━━━ EXTRACTED DATA ━━━
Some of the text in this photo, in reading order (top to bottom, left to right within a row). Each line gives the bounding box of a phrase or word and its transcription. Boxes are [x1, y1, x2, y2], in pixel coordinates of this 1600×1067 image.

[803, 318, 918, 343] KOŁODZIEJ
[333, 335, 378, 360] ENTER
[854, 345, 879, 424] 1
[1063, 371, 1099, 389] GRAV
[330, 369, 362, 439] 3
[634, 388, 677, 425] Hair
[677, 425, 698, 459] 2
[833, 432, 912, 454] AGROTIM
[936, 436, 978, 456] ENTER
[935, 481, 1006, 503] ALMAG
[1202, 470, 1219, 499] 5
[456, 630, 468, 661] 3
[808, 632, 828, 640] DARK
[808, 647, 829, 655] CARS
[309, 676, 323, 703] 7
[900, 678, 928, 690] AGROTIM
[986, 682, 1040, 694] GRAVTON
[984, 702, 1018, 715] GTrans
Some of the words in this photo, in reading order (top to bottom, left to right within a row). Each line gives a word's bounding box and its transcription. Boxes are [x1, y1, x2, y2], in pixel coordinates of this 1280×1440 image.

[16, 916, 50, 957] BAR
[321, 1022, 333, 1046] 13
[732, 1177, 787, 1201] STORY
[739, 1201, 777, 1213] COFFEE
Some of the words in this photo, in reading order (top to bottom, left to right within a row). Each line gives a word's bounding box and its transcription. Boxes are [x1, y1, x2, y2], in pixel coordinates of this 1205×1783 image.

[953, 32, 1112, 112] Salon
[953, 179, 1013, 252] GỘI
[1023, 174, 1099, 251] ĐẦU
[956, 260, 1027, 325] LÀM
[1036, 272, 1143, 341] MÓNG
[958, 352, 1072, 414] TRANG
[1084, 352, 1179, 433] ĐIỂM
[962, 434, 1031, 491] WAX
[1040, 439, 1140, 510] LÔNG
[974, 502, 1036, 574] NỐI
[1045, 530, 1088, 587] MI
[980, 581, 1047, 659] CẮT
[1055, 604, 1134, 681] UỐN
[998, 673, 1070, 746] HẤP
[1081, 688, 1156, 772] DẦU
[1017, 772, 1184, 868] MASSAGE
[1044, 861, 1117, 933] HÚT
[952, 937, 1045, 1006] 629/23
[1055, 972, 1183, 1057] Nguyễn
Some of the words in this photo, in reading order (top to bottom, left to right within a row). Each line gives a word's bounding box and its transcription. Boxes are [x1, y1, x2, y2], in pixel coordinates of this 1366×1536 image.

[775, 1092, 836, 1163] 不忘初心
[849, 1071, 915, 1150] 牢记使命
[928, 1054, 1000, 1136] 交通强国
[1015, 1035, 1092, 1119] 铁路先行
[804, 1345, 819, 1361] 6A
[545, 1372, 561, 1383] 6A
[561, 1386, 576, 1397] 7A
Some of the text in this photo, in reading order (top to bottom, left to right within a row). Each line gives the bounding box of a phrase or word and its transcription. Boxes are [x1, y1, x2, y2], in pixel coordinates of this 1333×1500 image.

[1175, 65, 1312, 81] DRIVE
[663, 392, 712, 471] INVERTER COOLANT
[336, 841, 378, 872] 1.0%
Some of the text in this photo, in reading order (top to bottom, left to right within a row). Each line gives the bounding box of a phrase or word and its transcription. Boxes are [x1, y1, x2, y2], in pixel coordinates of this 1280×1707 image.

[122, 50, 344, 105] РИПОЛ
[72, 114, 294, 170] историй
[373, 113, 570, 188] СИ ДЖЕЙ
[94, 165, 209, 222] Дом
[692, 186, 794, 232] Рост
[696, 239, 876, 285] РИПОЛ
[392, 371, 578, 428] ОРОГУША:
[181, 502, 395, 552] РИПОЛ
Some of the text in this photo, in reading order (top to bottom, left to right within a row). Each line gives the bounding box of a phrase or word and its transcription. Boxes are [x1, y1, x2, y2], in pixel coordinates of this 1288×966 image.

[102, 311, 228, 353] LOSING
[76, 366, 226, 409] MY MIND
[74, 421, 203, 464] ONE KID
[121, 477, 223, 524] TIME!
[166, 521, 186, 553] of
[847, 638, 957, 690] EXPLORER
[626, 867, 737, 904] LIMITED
━━━
All of the data above needs to be transcribed verbatim.

SOLUTION:
Some of the text in this photo, in reading order (top to bottom, left to right within a row). Each line gives the bounding box of a phrase or word and its transcription. Boxes are [x1, y1, x2, y2], in pixel coordinates of this 1600×1067 image.

[803, 318, 918, 343] KOŁODZIEJ
[333, 335, 378, 360] ENTER
[854, 345, 879, 424] 1
[1063, 371, 1099, 389] GRAV
[330, 369, 362, 439] 3
[634, 388, 677, 425] Hair
[677, 425, 698, 459] 2
[833, 432, 912, 454] AGROTIM
[936, 436, 978, 456] ENTER
[935, 481, 1006, 503] ALMAG
[1202, 470, 1219, 499] 5
[456, 630, 468, 661] 3
[808, 632, 828, 640] DARK
[808, 647, 829, 655] CARS
[309, 676, 323, 703] 7
[900, 678, 928, 690] AGROTIM
[986, 682, 1040, 694] GRAVTON
[984, 702, 1018, 715] GTrans
Some of the words in this photo, in reading order (top to bottom, left to right within a row). Each line gives a word's bounding box and its transcription. Boxes are [x1, y1, x2, y2], in pixel coordinates of this 1280×1440 image.

[16, 916, 50, 957] BAR
[321, 1022, 333, 1046] 13
[732, 1177, 787, 1201] STORY
[739, 1201, 777, 1213] COFFEE
Some of the words in this photo, in reading order (top to bottom, left to right within a row). Each line gives a word's bounding box and its transcription. Boxes are [x1, y1, x2, y2], in pixel coordinates of this 1205×1783 image.

[953, 32, 1112, 112] Salon
[953, 179, 1013, 252] GỘI
[1023, 174, 1099, 251] ĐẦU
[956, 260, 1027, 325] LÀM
[1036, 272, 1143, 341] MÓNG
[958, 352, 1072, 414] TRANG
[1084, 352, 1179, 433] ĐIỂM
[962, 434, 1031, 491] WAX
[1040, 439, 1140, 510] LÔNG
[974, 502, 1036, 574] NỐI
[1045, 530, 1088, 587] MI
[980, 581, 1047, 659] CẮT
[1055, 604, 1134, 681] UỐN
[998, 673, 1070, 746] HẤP
[1081, 688, 1156, 772] DẦU
[1017, 772, 1184, 868] MASSAGE
[1044, 861, 1117, 933] HÚT
[952, 937, 1045, 1006] 629/23
[1055, 972, 1183, 1057] Nguyễn
Some of the words in this photo, in reading order (top to bottom, left to right within a row). Each line gives a word's bounding box and its transcription. Boxes are [x1, y1, x2, y2], in pixel coordinates of this 1366×1536 image.

[775, 1092, 836, 1163] 不忘初心
[849, 1071, 915, 1150] 牢记使命
[928, 1054, 1000, 1136] 交通强国
[1015, 1035, 1092, 1119] 铁路先行
[804, 1345, 819, 1361] 6A
[545, 1372, 561, 1383] 6A
[561, 1386, 576, 1397] 7A
Some of the text in this photo, in reading order (top to bottom, left to right within a row). Each line gives the bounding box of a phrase or word and its transcription. Boxes are [x1, y1, x2, y2], in pixel coordinates of this 1333×1500 image.

[1175, 65, 1312, 81] DRIVE
[663, 392, 712, 471] INVERTER COOLANT
[336, 841, 378, 872] 1.0%
Some of the text in this photo, in reading order (top to bottom, left to right within a row). Each line gives the bounding box of a phrase or word and its transcription. Boxes are [x1, y1, x2, y2], in pixel coordinates of this 1280×1707 image.

[122, 50, 344, 105] РИПОЛ
[72, 114, 294, 170] историй
[373, 113, 570, 188] СИ ДЖЕЙ
[94, 165, 209, 222] Дом
[692, 186, 794, 232] Рост
[696, 239, 876, 285] РИПОЛ
[392, 371, 578, 428] ОРОГУША:
[181, 502, 395, 552] РИПОЛ
Some of the text in this photo, in reading order (top to bottom, left to right within a row). Each line gives the bounding box of a phrase or word and its transcription. Boxes are [x1, y1, x2, y2], in pixel coordinates of this 1288×966 image.

[102, 311, 228, 353] LOSING
[76, 366, 226, 409] MY MIND
[74, 421, 203, 464] ONE KID
[121, 477, 223, 524] TIME!
[166, 521, 186, 553] of
[847, 638, 957, 690] EXPLORER
[626, 867, 737, 904] LIMITED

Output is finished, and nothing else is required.